2 (14 oz) cans diced tomatoes, with juice
1 cup finely diced celery
1 cup finely diced carrots
1 cup finely diced onions
1 tsp dried oregano OR 1 tbs fresh oregano
1 tbs dried basil OR 1/4 cup fresh basil
4 cups chicken broth
1/2 bay leaf
1/2 cup flour
1 cup parmesan cheese
1/2 cup butter
2 cups half and half, warmed (probably closer to 1 1/2 cups)
1 tsp salt
1/4 tsp black pepper
add tomatoes, celery, carrots, chicken broth, onions, oregano, basil and bay leaf to a large slow cooker.

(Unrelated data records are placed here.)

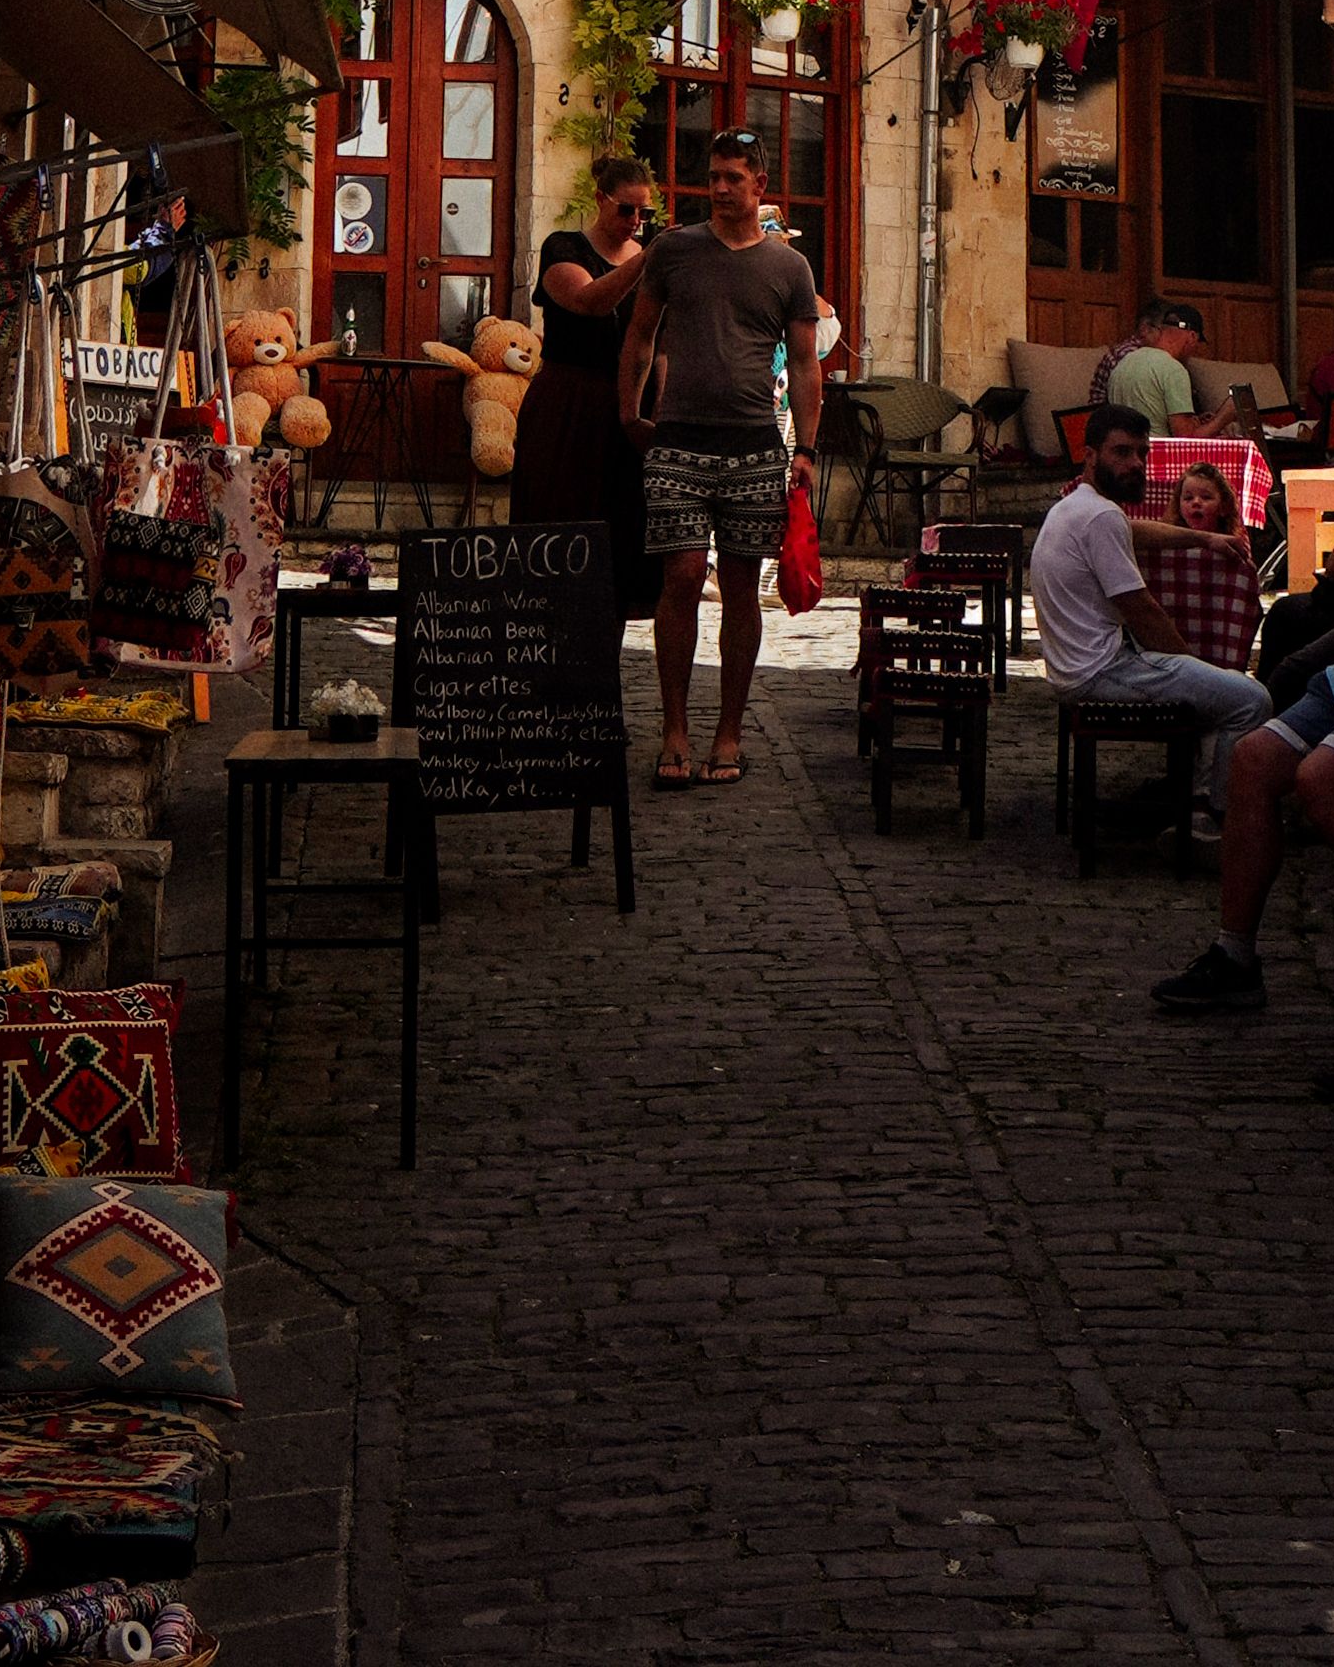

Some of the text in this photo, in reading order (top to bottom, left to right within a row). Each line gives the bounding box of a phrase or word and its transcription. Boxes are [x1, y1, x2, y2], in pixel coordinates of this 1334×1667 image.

[420, 533, 590, 579] TOBACCO
[416, 590, 490, 615] Albanian
[414, 618, 491, 642] Albanian
[416, 647, 493, 664] Albanian
[507, 644, 556, 664] RAKI
[413, 673, 532, 708] Cigarettes
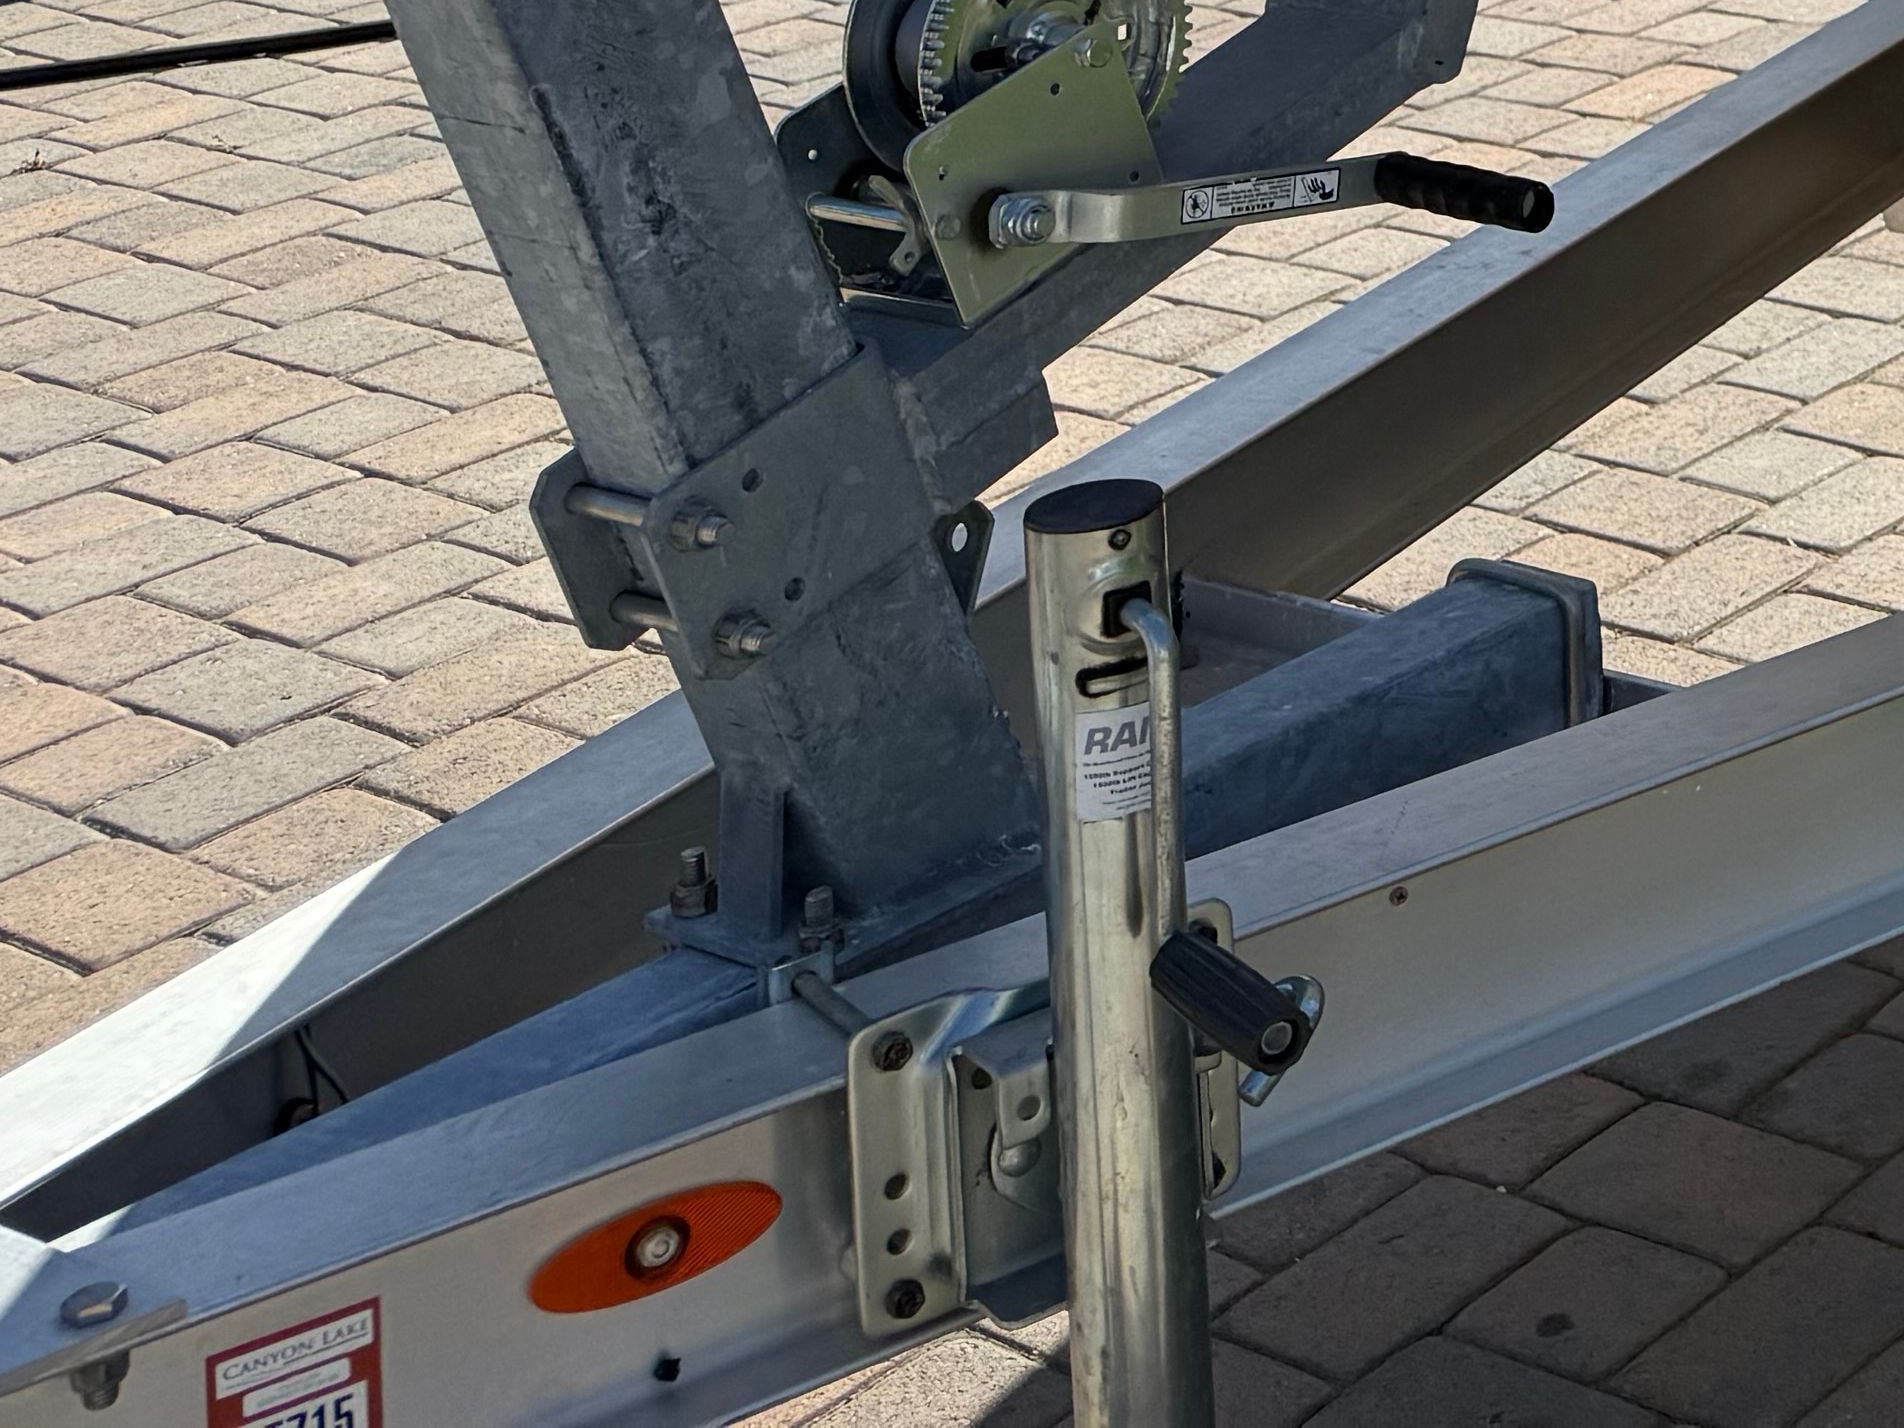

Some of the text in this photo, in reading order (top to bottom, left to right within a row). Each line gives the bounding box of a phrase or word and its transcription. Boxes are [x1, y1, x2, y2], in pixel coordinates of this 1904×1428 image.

[222, 1338, 313, 1381] CANYON
[322, 1317, 368, 1345] LAKE
[264, 1393, 354, 1428] 715

cover and cook on LOW for 5-7 hours, until flavors are blended and veggies are soft.
about 30 minutes before serving, prepare a roux. melt butter over low heat in a skillet and add flour. stir constantly with a whisk for 5-7 minutes. slowly pour in 1 cup of hot soup and stir until smooth. add another 3 cups of hot soup, one cup at a time, stirring well after each addition. add all back into the slow cooker. stir and add the parmesan cheese, warmed half and half, salt and pepper. add additional basil and oregano if needed.
cover and cook on LOW for another 30 minutes or so until ready to serve.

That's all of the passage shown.